To assess potential confounders, we performed eight sensitivity analyses additionally adjusting for: (1) self-reported co-morbidities (cardiovascular disease and diabetes), (2) Frailty, (3) IMD rank decile, (4) lifestyle variables (smoking status, frequency of alcohol consumption, frequency of physical activity), (5) self-reported use of any health supplement, (6) self-reported use of Omega-3 containing supplements, (7) Diet quality score, and (8) Healthy plant-based diet index (hPDI).
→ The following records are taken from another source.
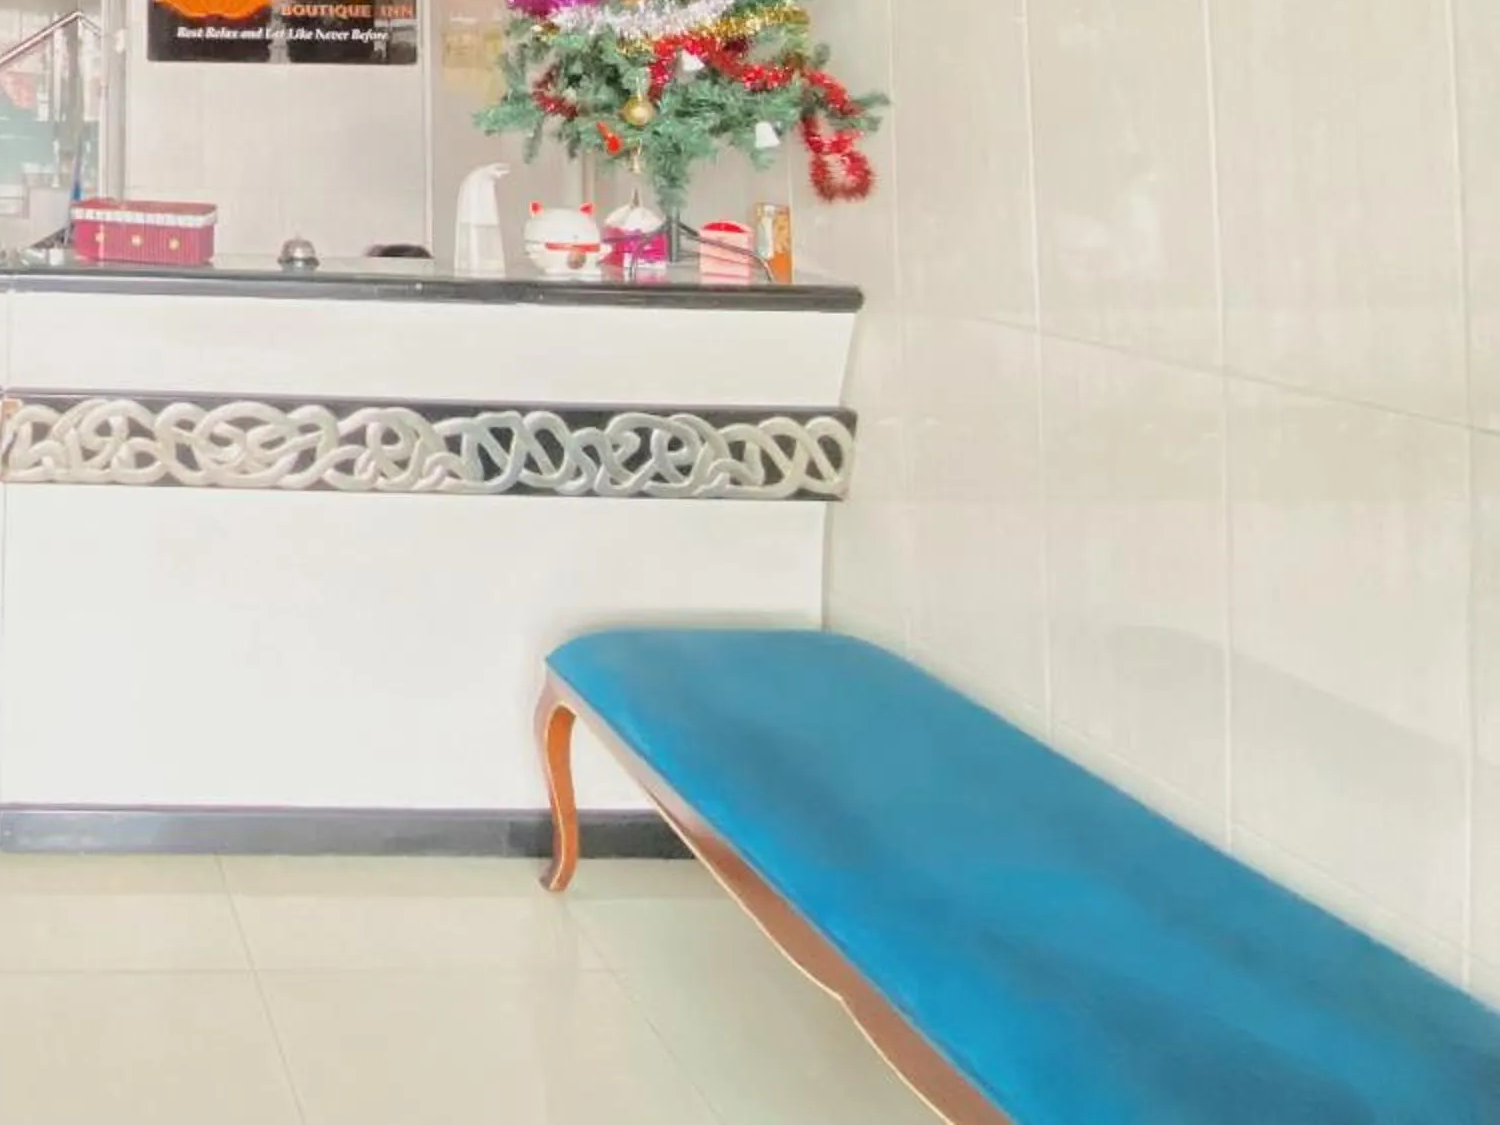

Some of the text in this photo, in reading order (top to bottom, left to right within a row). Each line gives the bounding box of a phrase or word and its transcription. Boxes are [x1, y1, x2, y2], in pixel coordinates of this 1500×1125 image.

[281, 4, 414, 19] BOUTIQUE INN
[240, 27, 263, 39] and
[288, 27, 314, 40] Like
[315, 27, 350, 40] Never
[351, 27, 388, 43] Before
For microbiome analyses, differences between the alpha diversity distributions of the groups were assessed using the Wilcoxon rank-sum test within the ‘RClimMAWGEN’ package (P-value ≤ 0.05 considered significant). With a sample size of 300 individuals, we have 79% power at 0.05 significance level, assuming a low effect size of 0.20. PERMANOVA from the ‘adonis2’ function of the ‘vegan’ package, was used to test for differences between groups based on the beta diversity computed from the PCoA/MDS of the pairwise Bray–Curtis dissimilarities. For the microbial differential abundance analysis, we built a generalized linear model, controlling for confounding factors, including age, sex,and BMI. Only species with minimum 20% prevalence were used in this statistical analysis78. P-values were corrected using the Benjamini–Hochberg method77.
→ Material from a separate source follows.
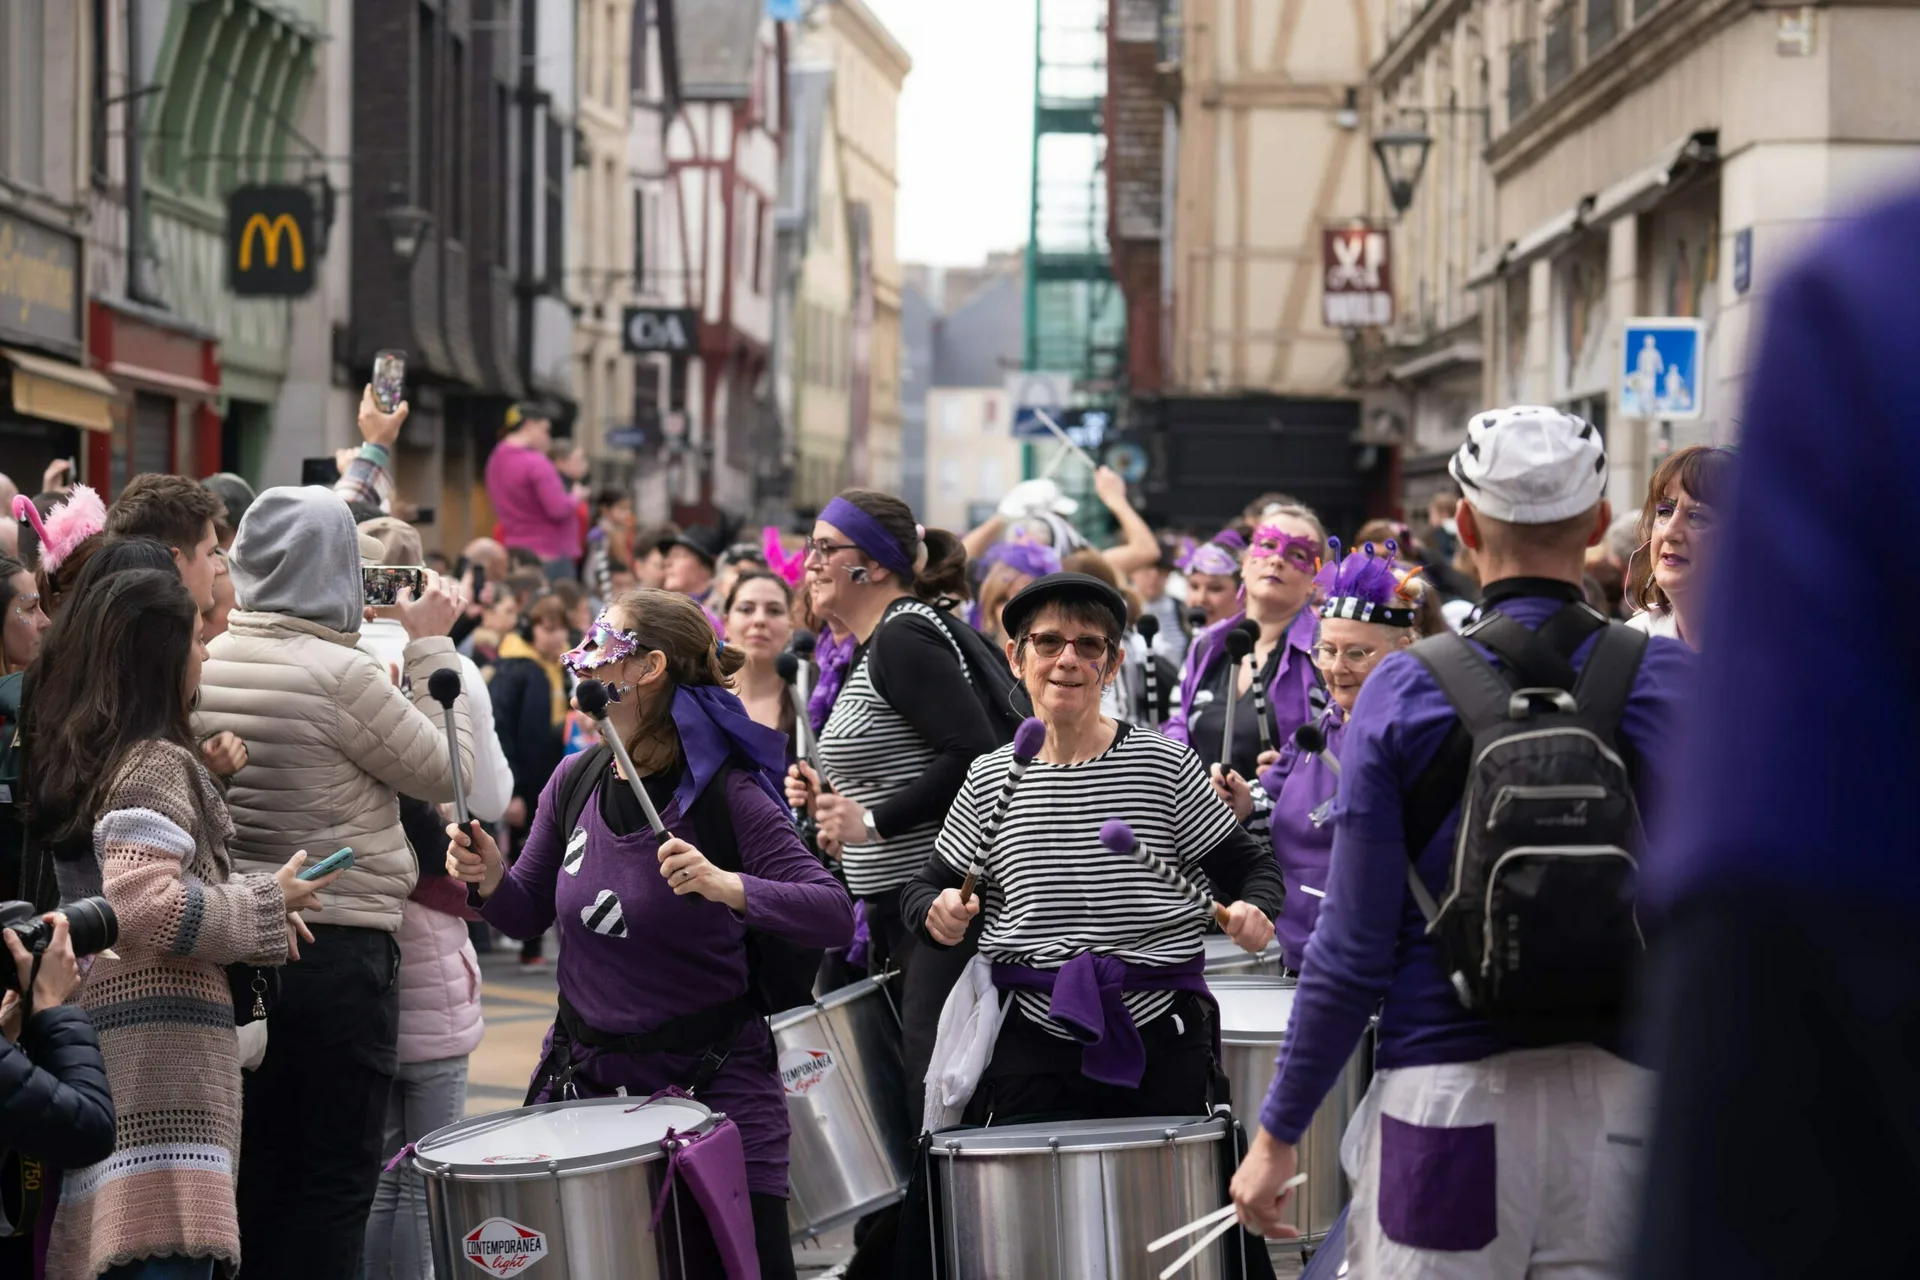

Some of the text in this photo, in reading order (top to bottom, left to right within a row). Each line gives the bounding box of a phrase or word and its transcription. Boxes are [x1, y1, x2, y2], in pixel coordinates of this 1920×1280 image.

[24, 1156, 41, 1190] 750
[466, 1236, 542, 1255] CONTEMPORÂNEA
[492, 1253, 530, 1276] light
Spearman correlation analyses were conducted to associate microbiome profiles of 301 individuals with their metabolome profiles, adjusting for confounding factors (age, sex, BMI). Correlation analyses were conducted using R version 3.6.0. The package ‘corrplot_0.90′ was used to compute the variance and the covariance or correlation, ‘pheatmap_1.0.12’ and ‘cor.mtest’ were used to visualise the heatmap, calculate associated P values. Hierarchical clustering of both top 39 most abundant microbial species and 39 metabolic profiles was conducted using hclust, implementing the Ward.D2 agglomeration method. The package ‘p.adjust’ was used to perform Benjamini–Hochberg multiple testing correction77.
The ZOE COVID Study by the King’s College London Ethics Committee (Ref: LRS-19/20-18,210) and licensed under the Human Tissue Authority (reference 12,522). All ZCS participants provided informed consent for use of their data for COVID-19 research. The COVID Symptom Study Biobank and related studies, including this study, were approved by the Yorkshire & Humber NHS Research Ethics Committee (Ref: 20/YH/0298). CSSB participants were invited to join from the ZCS user base and provided informed consent to participate in the additional questionnaire and sample collection studies, and for linkage to app-collected data. All research and sample processing has been carried out in line with relevant guidelines including the Declaration of Helsinki.